This got published today in Diabetes Mine and wanted to share it here in TuDiabetes.
Thank you Amy, I feel so honored.
We have a special treat for today’s edition of The Diabetic Partner Follies, the series featuring partners and loved ones of diabetics.
Today our guest is Andreina Davila, the behind-the-scenes partner at one of our largest online diabetes communities, TuDiabetes.org. Her husband is of course founder and diabetes advocate extraordinaire, Manny Hernandez. Andreina isn’t just a wife either; she is a partner and co-founder of the Diabetes Hands Foundation and also the organization’s Creative Director, as Andreina is an accomplished artist. But it’s as the wife of someone very famous in our D-world that I invited Andreina to share a bit about her life today. Here’s what she had to say:
My husband was diagnosed with diabetes on Oct 2002. It has been almost 8 years since then but it feels longer. We have been together for 11 years. This condition is so intense that I don’t clearly remember our lives before it. I remember me, being careless, never afraid… light. Less grounded, I guess. I know age and parenthood have had a deep impact on this whole thing… Talking about diabetes even if I don’t have it myself, I know it has changed me deeply. It changed the way that I look at life; it stirred my north upside down, it change my career, and the things I pray for (or give thanks for) at night before I sleep.
I will never forget the day I first heard of the term “type 3 diabetic.” Someone on TuDiabetes.org, back when we were starting the sites, greeted me saying that she was also a “type 3 diabetic”; her husband had diabetes too. I thought it was curious that she saw herself as a protagonist of this story, as having the condition herself. In a way a red flag came up and my logical self said: “Be careful, this is confusing… stick to your role! You don’t have diabetes!” But I decided to ignore the claim, after all for years I never felt understood by anybody: not my mom, not even my always-understanding diabetic husband. It is comforting to take a firm step and reclaim your place when an unforgiving chronic condition like diabetes touches your family, and I smiled peacefully.
As a side note, I later discovered that type 3 diabetes is an actual medical condition: “Diabetes type 3 is when the brain stops or reduces the acceptance of the brain’s secreted insulin within the brain’s cell receptors.” So I don’t use the term anymore, but I wish we had a term that would define my condition. It would be great if we could come out of the first appointment with set instructions on what to do, what it is expected from us, what to say, and how to say it, or when to say it, if you ever dare to say it. I think maybe that it will give us some reassurance: if you do this and that, everything will be fine. The person you love so much will be healthy as a rock and you (in a more selfish note) will not have to feel any guilt whatsoever.
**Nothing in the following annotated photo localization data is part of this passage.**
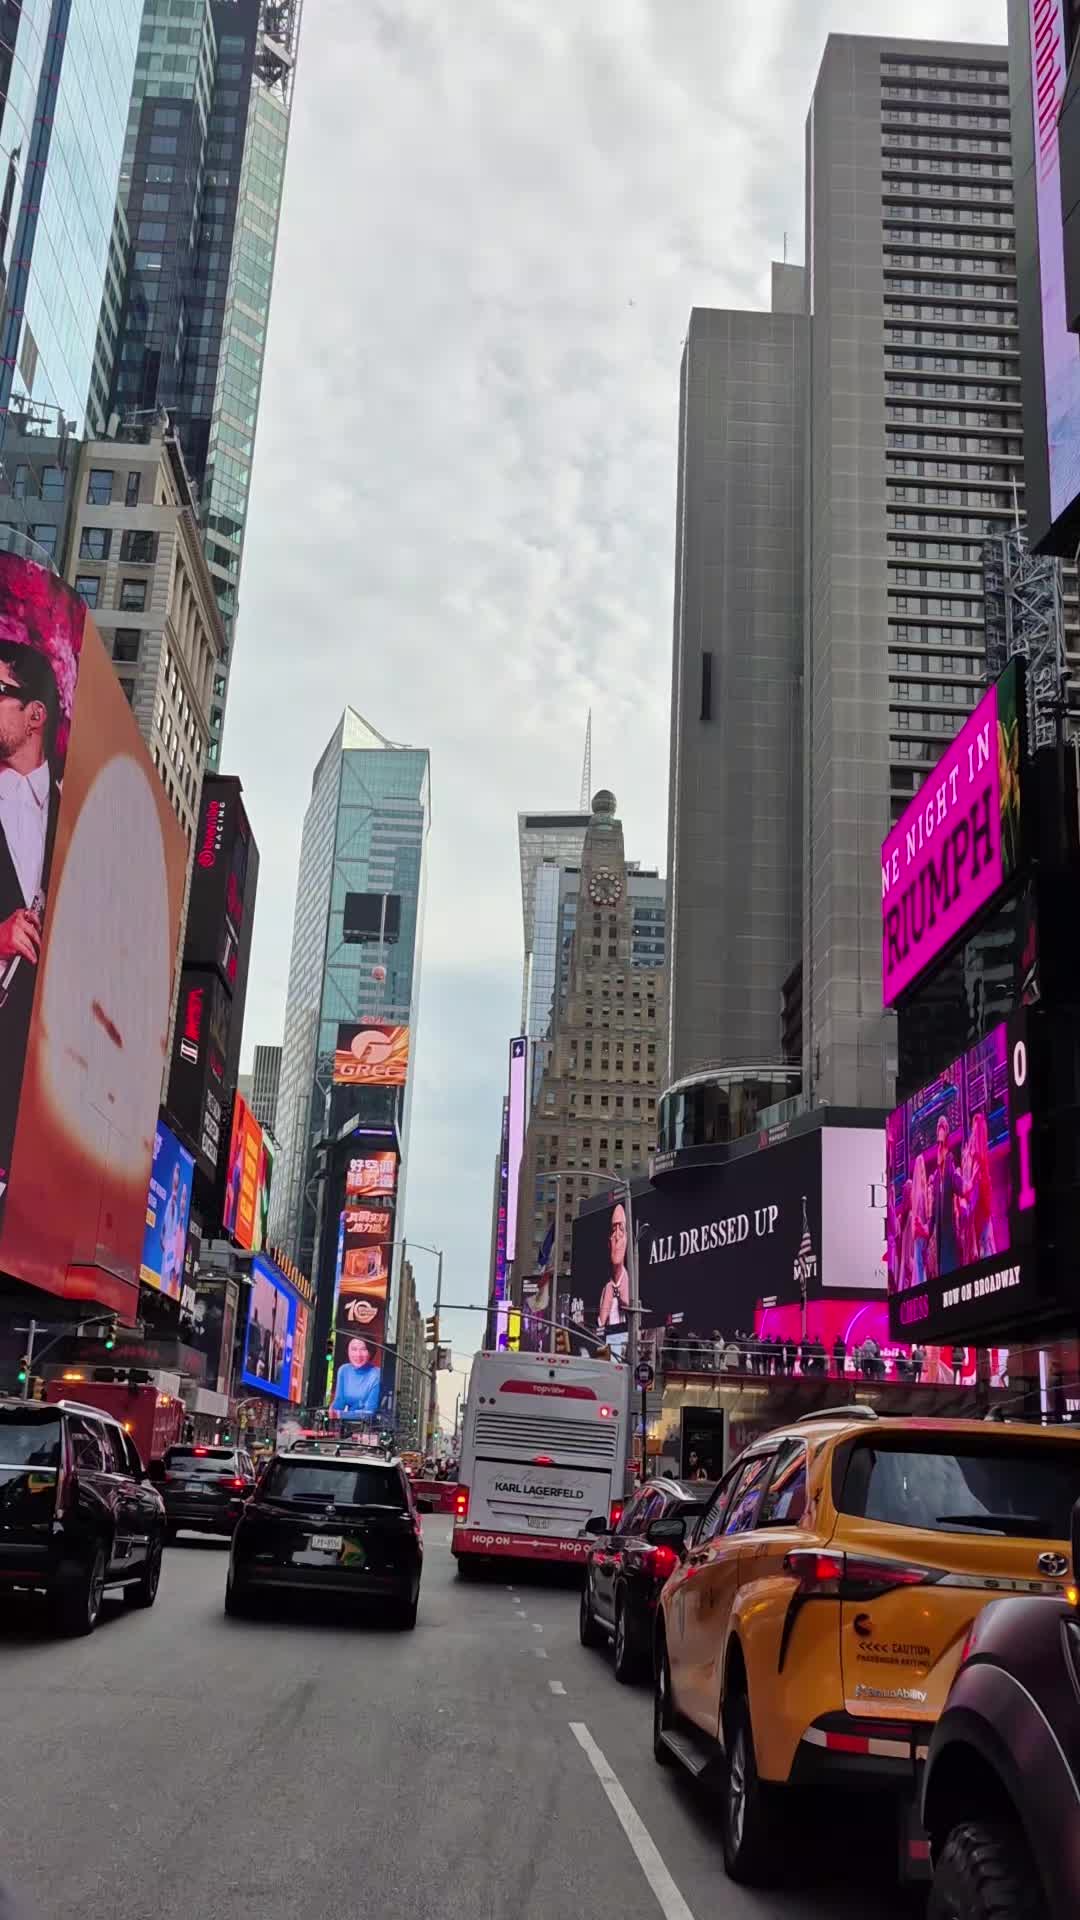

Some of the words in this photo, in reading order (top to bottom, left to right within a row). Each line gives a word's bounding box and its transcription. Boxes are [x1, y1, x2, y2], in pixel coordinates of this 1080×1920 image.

[906, 764, 959, 866] NIGHT
[968, 722, 991, 784] IN
[214, 802, 226, 850] RACING
[883, 786, 993, 976] RIUMPH
[649, 1235, 676, 1265] ALL
[679, 1213, 749, 1257] DRESSED
[754, 1204, 779, 1236] UP
[942, 1290, 960, 1308] NOW
[961, 1284, 972, 1301] ON
[973, 1265, 1021, 1298] BROADWAY
[495, 1481, 521, 1494] KARL
[523, 1484, 584, 1500] LAGERFELD
But, like many things in life, diabetes doesn’t work like that. The role we take with the care of a chronic condition in our life depends on many variables. It changes with time; it differs from one personality to the next. It can be two different worlds from one family to the other, depending on who the person with diabetes is: a child, a teenager, a husband, a wife… In a sense we all have to discover and redefine our ever changing and accommodating supporting role. My place stands in the middle of support, patience and love, and I strongly believe it should go both ways. Let me explain.
Support: to be there. In my case with a grown-up man, I just have to be there for the times when he needs me, in the case of a low or to lend my shoulder when needed. Sometimes I need support too, so I go to TuDiabetes, I sometimes just read and it helps me understand my husband better, sometimes I call my mom and cry.
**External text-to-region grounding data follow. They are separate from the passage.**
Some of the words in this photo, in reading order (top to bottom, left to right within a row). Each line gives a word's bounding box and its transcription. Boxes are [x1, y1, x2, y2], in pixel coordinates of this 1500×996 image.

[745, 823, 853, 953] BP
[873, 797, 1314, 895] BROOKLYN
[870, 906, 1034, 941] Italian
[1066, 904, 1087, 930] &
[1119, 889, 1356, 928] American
Patience: I am not a saint but my husband’s mood swings can be especially hard for me. I have come to relate to the level of stubborn frustration he feels when his blood sugar is very high. With no one to blame, the negative energy stays in the air, making it feel very dense. We spend a lot of time together, and many times it feels like it is my fault, or I just happen to be around. It is hard, and I struggle… I dream of a cure and then I breathe.
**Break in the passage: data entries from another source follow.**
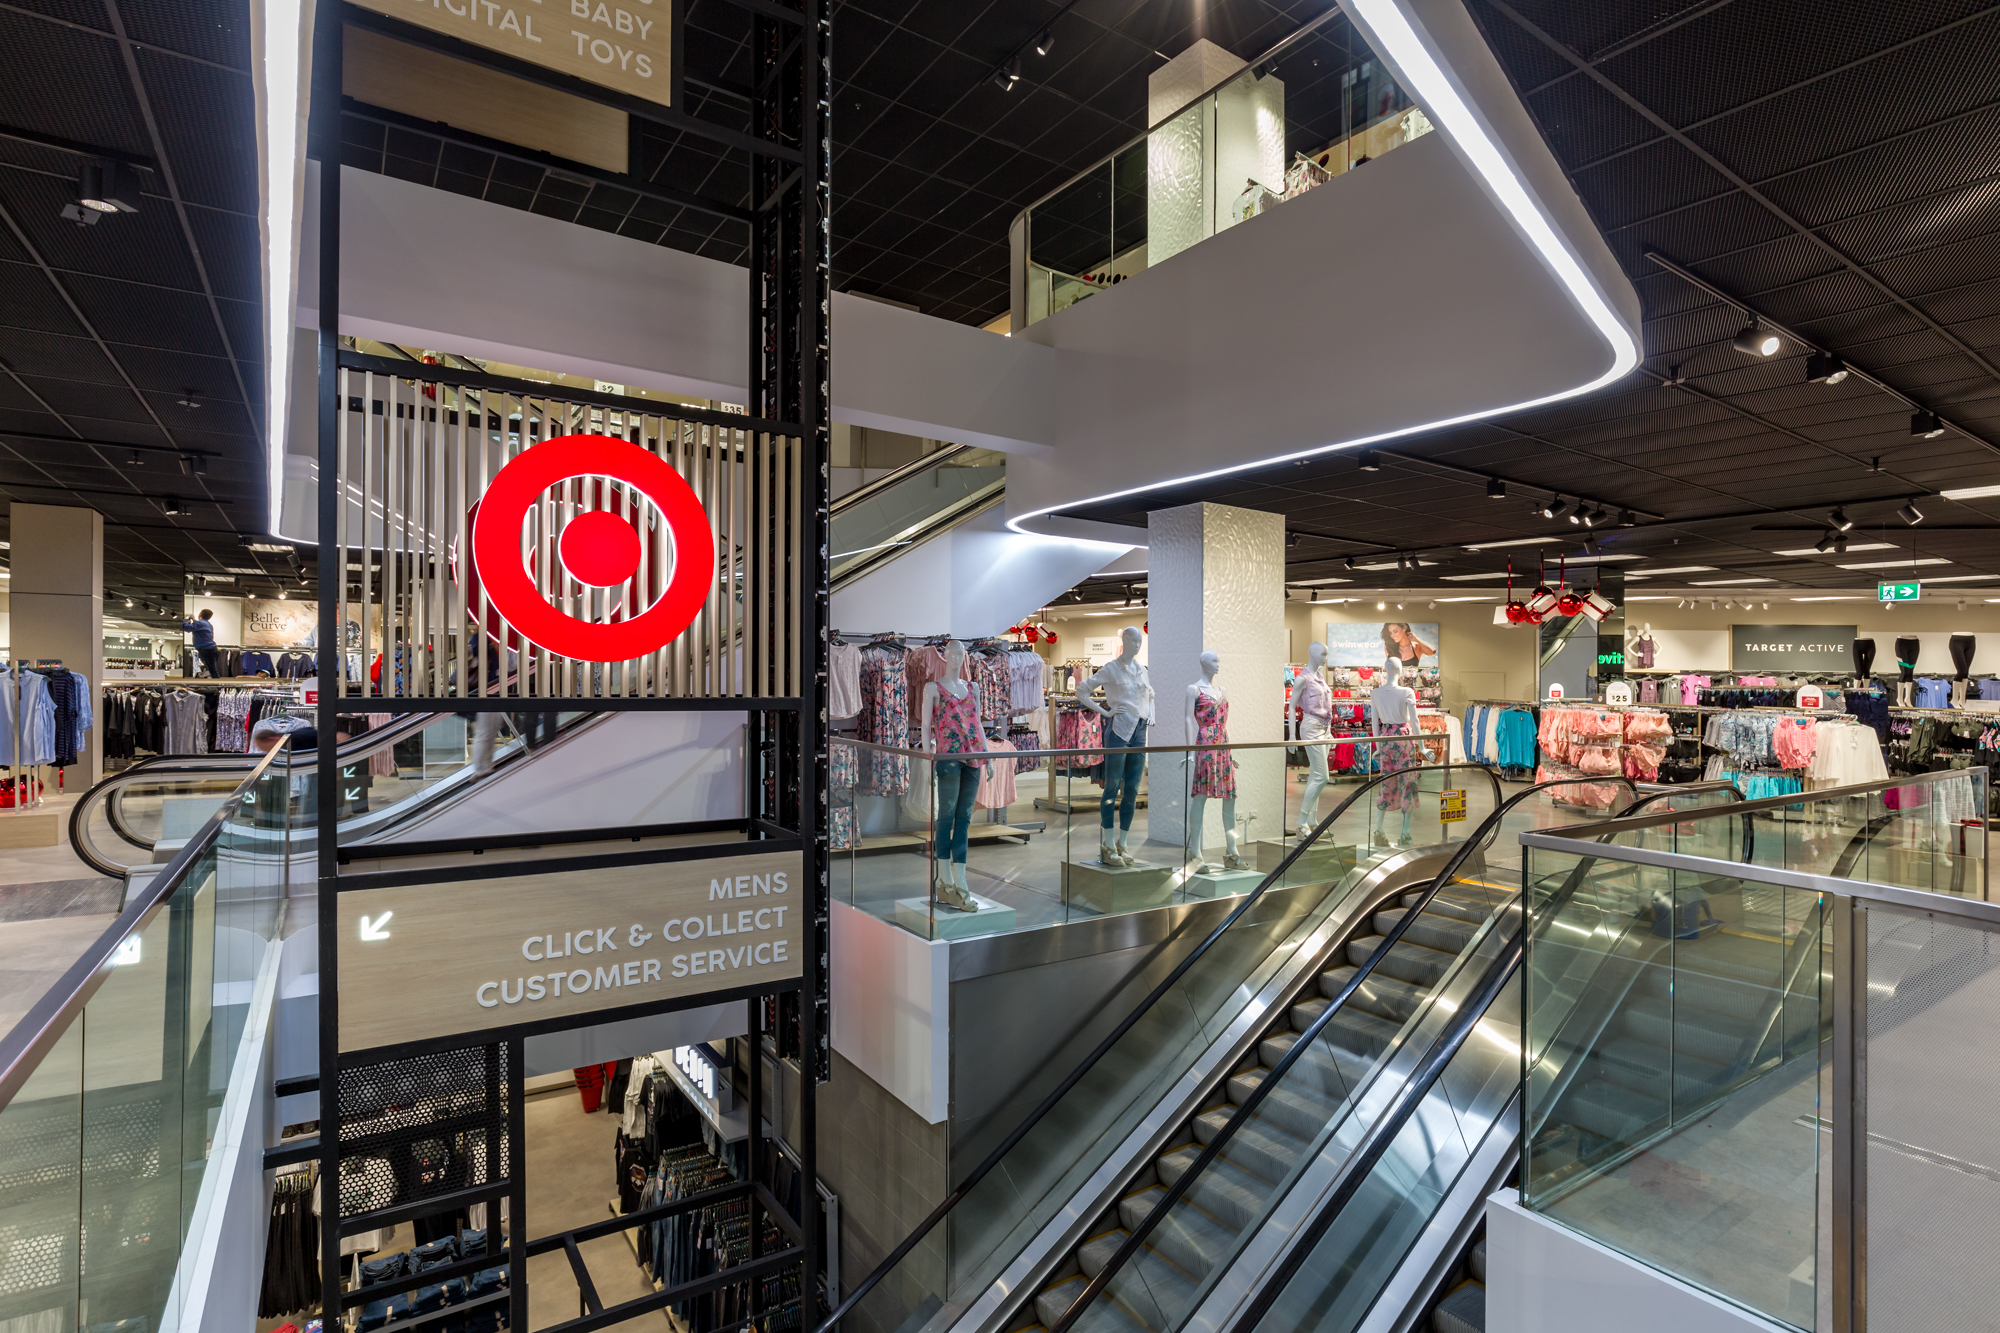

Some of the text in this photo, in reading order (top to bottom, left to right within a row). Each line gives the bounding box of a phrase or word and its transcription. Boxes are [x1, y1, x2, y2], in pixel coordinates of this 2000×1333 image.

[414, 0, 542, 43] GITAL
[571, 0, 653, 41] BABY
[571, 29, 653, 78] TOYS
[249, 612, 280, 623] Belle
[249, 622, 287, 633] Curve
[1745, 643, 1844, 653] TARGET ACTIVE
[709, 872, 788, 901] MENS
[522, 906, 788, 961] CLICK & COLLECT
[476, 940, 788, 1007] CUSTOMER SERVICE
Love: love moves mountains. What we do for love is healing, and I am very fortunate to have a job that helps me channel my need to help without being too controlling, with helping others we are helping ourselves. We strive for balance everyday, it is a work in progress, nothing is perfect on our side, but love is healing.
We are grounded now… apart from diabetes and our work at the Diabetes Hands Foundation, we have been busy building a family, migrating to a different country (from Venezuela), growing up, and finding something meaningful to do with our lives.Amen to that, Andreina. Livin’ the dream.